TASK TO CARRY OUT: Set down, please, exactly the lines below that run from the line with "Some of the words" to the line with "this 1920×1440 image.", both lines included.

PROVIDED INFORMATION:

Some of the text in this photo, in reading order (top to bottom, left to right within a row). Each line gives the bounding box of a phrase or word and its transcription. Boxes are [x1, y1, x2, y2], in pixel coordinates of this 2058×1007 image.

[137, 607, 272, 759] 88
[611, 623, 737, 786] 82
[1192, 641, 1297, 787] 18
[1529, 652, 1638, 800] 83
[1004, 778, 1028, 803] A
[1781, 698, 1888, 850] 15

...

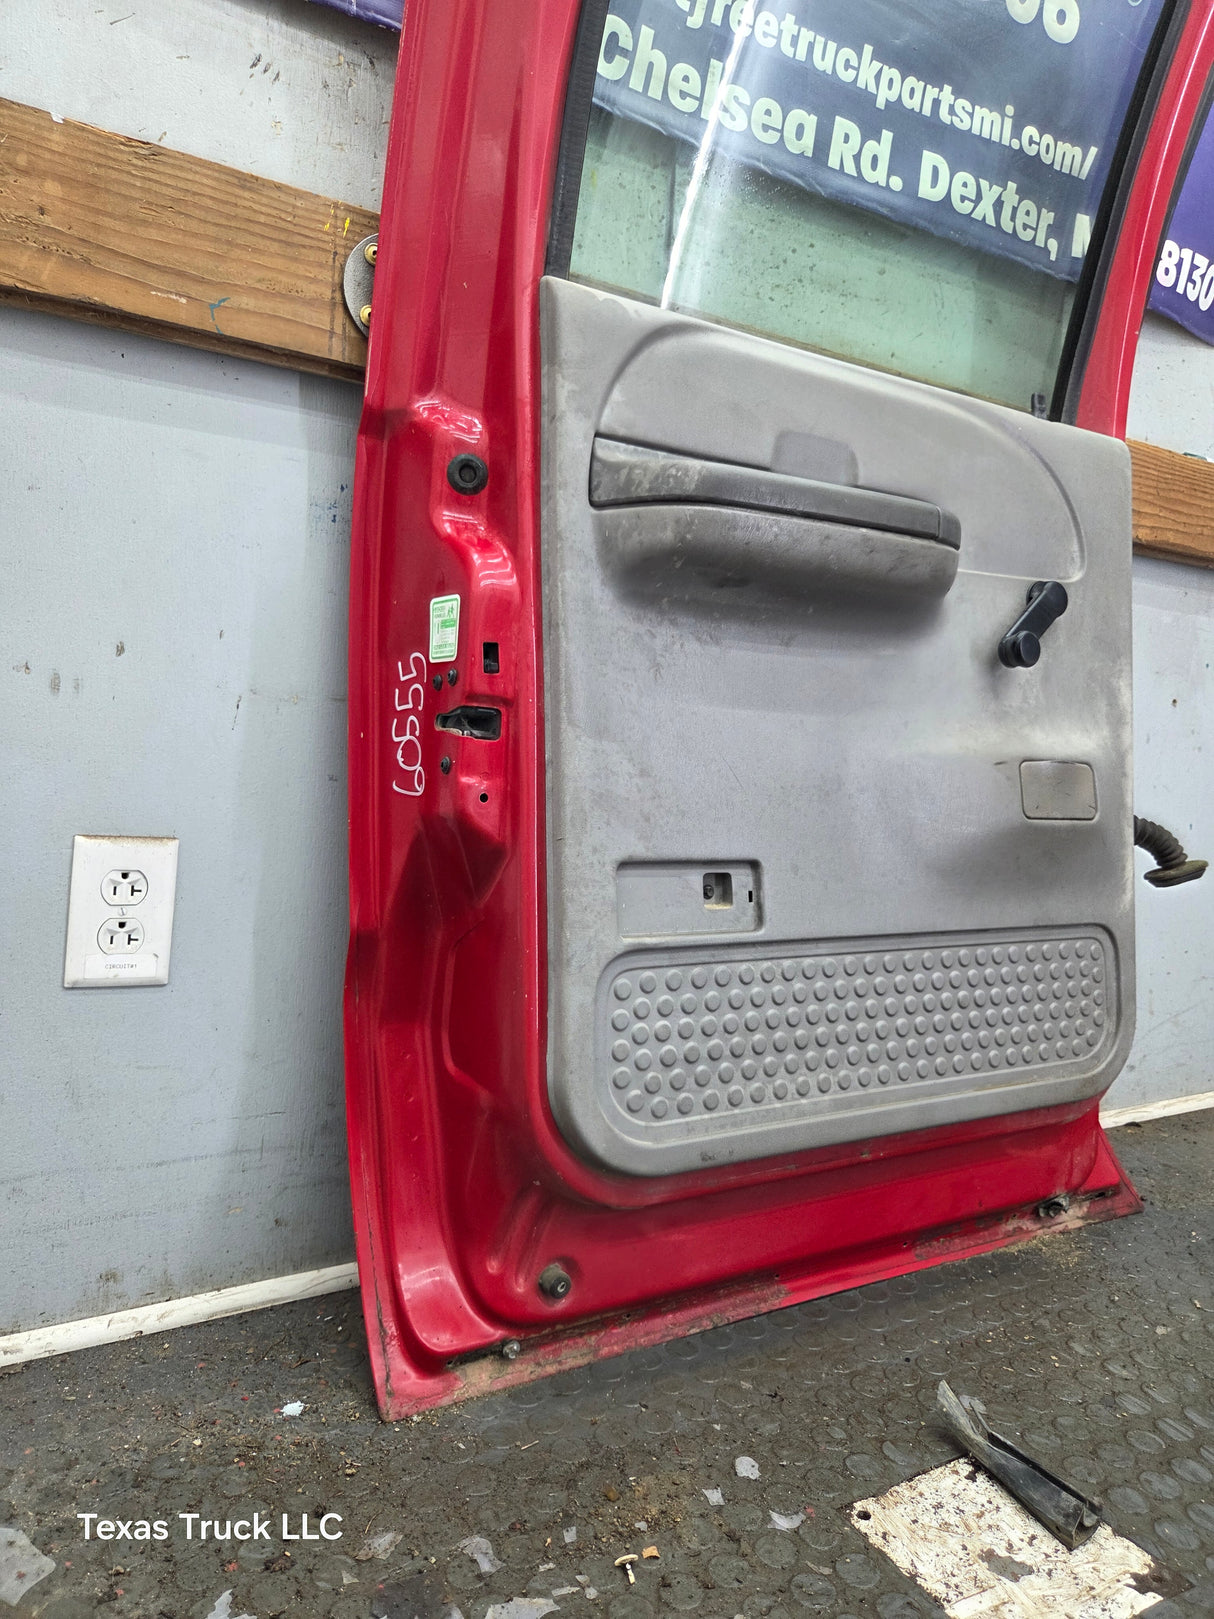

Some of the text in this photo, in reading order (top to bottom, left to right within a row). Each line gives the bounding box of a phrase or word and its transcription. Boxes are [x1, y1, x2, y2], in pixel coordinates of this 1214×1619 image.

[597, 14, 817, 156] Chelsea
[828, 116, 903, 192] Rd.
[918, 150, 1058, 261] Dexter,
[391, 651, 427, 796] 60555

...

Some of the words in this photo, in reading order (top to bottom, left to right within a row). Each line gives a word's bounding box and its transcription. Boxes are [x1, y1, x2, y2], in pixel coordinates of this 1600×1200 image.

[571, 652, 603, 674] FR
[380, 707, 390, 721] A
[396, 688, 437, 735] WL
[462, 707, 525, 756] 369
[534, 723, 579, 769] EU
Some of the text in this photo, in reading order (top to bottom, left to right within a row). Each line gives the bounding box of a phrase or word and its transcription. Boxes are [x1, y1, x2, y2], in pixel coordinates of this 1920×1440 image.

EXERCISE RESPONSE:
Some of the words in this photo, in reading order (top to bottom, left to right within a row). Each line gives a word's bounding box and its transcription. Boxes are [x1, y1, x2, y2], in pixel coordinates of this 1600×1200 image.

[571, 652, 603, 674] FR
[380, 707, 390, 721] A
[396, 688, 437, 735] WL
[462, 707, 525, 756] 369
[534, 723, 579, 769] EU
Some of the text in this photo, in reading order (top to bottom, left to right within a row). Each line gives the bounding box of a phrase or word and its transcription. Boxes are [x1, y1, x2, y2], in pixel coordinates of this 1920×1440 image.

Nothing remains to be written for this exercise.